Directions:
Reproduce exactly, from the line containing "this 1639×1675 image.", every line down to the end of the data below.

+--

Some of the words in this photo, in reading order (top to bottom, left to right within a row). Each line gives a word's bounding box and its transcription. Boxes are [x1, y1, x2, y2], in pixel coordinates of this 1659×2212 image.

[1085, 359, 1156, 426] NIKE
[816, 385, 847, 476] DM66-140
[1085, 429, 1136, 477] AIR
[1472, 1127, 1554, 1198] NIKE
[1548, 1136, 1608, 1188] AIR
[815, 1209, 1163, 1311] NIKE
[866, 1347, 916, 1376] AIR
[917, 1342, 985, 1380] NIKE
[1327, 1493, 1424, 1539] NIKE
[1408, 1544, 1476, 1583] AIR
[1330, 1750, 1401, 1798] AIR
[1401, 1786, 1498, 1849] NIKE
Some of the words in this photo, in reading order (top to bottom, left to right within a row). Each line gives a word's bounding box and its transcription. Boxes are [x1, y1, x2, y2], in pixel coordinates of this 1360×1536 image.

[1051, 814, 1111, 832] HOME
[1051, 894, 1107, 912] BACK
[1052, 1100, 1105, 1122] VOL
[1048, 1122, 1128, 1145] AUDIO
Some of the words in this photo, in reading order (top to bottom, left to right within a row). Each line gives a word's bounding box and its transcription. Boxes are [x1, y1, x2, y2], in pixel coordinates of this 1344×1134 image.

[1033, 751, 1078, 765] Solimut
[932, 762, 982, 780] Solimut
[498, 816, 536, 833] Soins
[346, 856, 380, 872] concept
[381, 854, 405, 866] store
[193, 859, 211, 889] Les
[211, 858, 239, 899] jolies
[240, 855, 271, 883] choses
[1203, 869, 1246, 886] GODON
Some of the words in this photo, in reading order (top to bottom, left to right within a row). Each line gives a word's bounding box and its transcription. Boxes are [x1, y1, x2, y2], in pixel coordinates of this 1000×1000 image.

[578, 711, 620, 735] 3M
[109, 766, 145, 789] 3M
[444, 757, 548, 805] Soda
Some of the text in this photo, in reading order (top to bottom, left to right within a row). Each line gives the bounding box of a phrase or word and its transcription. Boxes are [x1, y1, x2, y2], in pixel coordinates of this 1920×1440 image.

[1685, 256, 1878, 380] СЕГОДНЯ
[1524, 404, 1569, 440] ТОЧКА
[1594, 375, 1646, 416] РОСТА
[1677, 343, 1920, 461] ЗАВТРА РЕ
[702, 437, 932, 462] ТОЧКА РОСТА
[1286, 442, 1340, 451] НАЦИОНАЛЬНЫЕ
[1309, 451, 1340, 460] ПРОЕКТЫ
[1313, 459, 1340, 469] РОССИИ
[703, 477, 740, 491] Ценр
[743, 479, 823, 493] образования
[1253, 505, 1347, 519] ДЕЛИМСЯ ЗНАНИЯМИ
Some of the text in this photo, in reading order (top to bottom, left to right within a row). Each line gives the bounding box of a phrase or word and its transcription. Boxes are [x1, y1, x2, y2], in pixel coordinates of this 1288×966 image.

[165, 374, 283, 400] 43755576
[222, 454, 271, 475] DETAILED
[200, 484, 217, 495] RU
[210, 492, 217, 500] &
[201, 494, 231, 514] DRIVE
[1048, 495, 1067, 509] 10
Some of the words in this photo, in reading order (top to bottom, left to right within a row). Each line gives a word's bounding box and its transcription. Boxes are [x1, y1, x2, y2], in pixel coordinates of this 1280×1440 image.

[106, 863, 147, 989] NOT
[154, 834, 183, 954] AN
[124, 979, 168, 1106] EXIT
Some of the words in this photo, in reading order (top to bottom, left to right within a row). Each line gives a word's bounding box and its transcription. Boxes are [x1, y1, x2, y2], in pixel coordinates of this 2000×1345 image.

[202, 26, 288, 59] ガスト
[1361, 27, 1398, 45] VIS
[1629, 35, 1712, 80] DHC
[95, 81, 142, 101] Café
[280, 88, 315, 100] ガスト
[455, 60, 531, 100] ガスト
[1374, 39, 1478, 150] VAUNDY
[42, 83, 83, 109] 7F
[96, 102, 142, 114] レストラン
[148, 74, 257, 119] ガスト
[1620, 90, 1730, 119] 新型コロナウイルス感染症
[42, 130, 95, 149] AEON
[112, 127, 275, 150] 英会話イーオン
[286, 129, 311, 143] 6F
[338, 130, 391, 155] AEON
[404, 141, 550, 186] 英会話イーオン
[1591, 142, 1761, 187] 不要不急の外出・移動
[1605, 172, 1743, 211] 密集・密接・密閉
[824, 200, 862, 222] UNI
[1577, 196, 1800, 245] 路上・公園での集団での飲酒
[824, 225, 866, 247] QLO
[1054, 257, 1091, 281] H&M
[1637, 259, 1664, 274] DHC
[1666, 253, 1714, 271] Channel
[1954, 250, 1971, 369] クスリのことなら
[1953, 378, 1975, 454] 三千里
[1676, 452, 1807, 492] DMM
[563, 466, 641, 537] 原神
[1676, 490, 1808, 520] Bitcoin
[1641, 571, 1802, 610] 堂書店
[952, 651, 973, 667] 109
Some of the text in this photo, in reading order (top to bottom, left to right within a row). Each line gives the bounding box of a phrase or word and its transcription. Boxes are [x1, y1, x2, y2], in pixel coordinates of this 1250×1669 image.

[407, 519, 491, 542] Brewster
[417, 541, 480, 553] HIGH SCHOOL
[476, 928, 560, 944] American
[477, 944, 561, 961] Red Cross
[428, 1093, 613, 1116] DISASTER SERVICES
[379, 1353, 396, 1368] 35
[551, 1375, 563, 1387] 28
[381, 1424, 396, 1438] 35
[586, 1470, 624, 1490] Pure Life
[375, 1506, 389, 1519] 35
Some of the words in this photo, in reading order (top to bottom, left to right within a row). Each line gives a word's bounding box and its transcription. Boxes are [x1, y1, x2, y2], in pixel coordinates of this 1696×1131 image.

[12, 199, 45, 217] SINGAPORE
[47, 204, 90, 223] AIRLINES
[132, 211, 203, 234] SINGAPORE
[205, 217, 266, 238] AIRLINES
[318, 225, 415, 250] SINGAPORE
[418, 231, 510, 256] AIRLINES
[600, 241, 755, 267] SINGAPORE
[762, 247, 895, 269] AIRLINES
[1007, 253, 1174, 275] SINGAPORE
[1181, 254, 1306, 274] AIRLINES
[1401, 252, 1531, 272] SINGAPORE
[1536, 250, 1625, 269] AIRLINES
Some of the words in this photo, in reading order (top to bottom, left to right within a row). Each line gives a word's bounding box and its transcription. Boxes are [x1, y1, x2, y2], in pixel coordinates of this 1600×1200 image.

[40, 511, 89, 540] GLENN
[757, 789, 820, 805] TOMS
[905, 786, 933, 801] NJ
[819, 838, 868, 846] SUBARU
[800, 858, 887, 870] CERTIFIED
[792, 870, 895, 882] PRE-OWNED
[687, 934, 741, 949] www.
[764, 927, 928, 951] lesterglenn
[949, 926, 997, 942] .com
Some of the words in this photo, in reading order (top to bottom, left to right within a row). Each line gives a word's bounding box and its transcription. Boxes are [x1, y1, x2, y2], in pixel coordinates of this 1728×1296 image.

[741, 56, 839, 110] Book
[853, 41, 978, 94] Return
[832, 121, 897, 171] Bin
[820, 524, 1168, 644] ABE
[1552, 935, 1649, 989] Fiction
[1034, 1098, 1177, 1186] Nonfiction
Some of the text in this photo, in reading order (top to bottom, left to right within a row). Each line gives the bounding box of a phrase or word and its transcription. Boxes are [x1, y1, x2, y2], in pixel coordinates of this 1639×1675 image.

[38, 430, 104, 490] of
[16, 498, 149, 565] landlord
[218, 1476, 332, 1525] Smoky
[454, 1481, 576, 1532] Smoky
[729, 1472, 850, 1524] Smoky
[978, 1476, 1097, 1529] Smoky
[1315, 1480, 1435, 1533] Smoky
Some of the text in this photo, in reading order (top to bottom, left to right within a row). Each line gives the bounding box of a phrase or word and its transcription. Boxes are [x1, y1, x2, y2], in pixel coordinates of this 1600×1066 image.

+--

Exercise output:
Some of the text in this photo, in reading order (top to bottom, left to right within a row). Each line gives the bounding box of a phrase or word and its transcription. Boxes are [x1, y1, x2, y2], in pixel coordinates of this 1639×1675 image.

[38, 430, 104, 490] of
[16, 498, 149, 565] landlord
[218, 1476, 332, 1525] Smoky
[454, 1481, 576, 1532] Smoky
[729, 1472, 850, 1524] Smoky
[978, 1476, 1097, 1529] Smoky
[1315, 1480, 1435, 1533] Smoky
Some of the text in this photo, in reading order (top to bottom, left to right within a row). Each line gives the bounding box of a phrase or word and its transcription. Boxes are [x1, y1, x2, y2], in pixel coordinates of this 1600×1066 image.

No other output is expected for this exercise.